ASSIGNED TASK ->
Pictures aside, repeat all the entries below exactly as they appear.

########

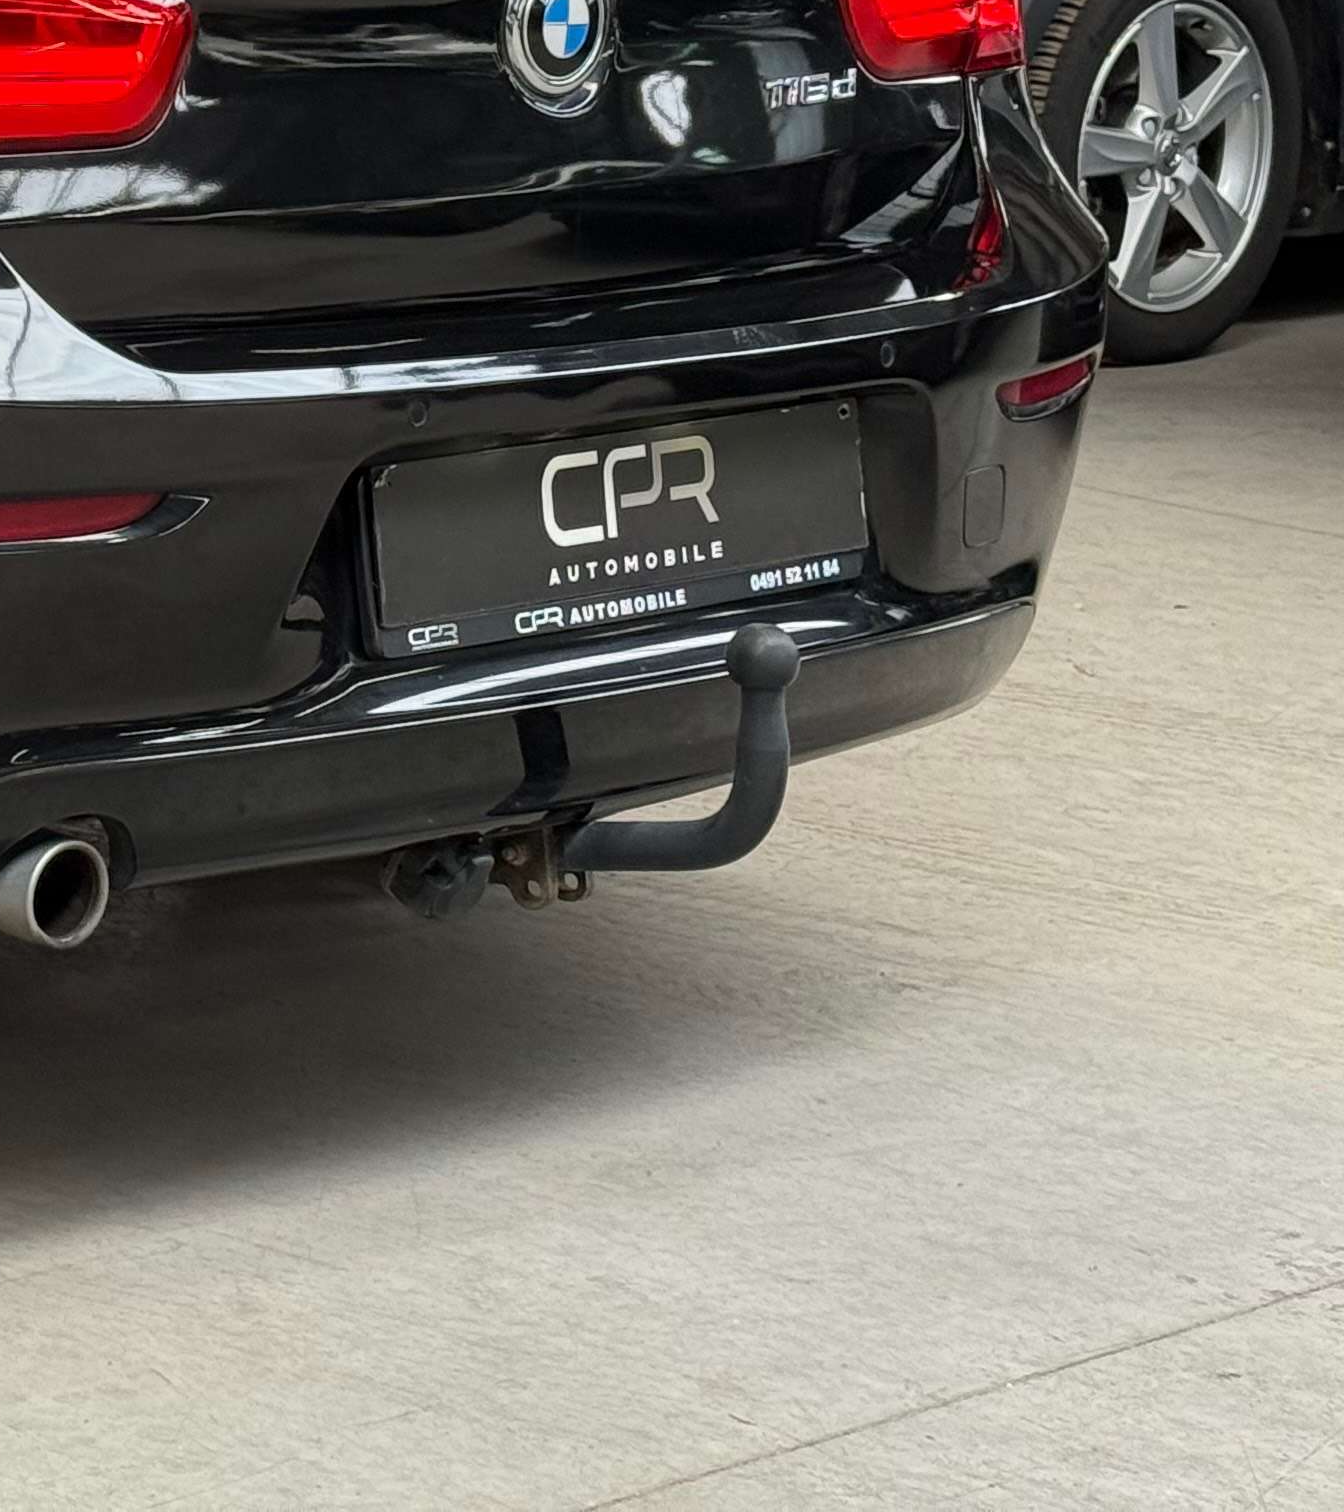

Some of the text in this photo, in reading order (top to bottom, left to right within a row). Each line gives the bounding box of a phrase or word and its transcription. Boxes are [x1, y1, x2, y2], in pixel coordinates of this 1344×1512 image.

[540, 434, 720, 548] CPR
[548, 540, 724, 587] AUTOMOBILE
[750, 569, 782, 592] 0491
[785, 566, 803, 585] 52
[804, 561, 820, 581] 11
[514, 588, 688, 634] CPR AUTOMOBILE

########

RESPONSE TO THIS EXERCISE ->
Some of the text in this photo, in reading order (top to bottom, left to right within a row). Each line gives the bounding box of a phrase or word and its transcription. Boxes are [x1, y1, x2, y2], in pixel coordinates of this 1344×1512 image.

[540, 434, 720, 548] CPR
[548, 540, 724, 587] AUTOMOBILE
[750, 569, 782, 592] 0491
[785, 566, 803, 585] 52
[804, 561, 820, 581] 11
[514, 588, 688, 634] CPR AUTOMOBILE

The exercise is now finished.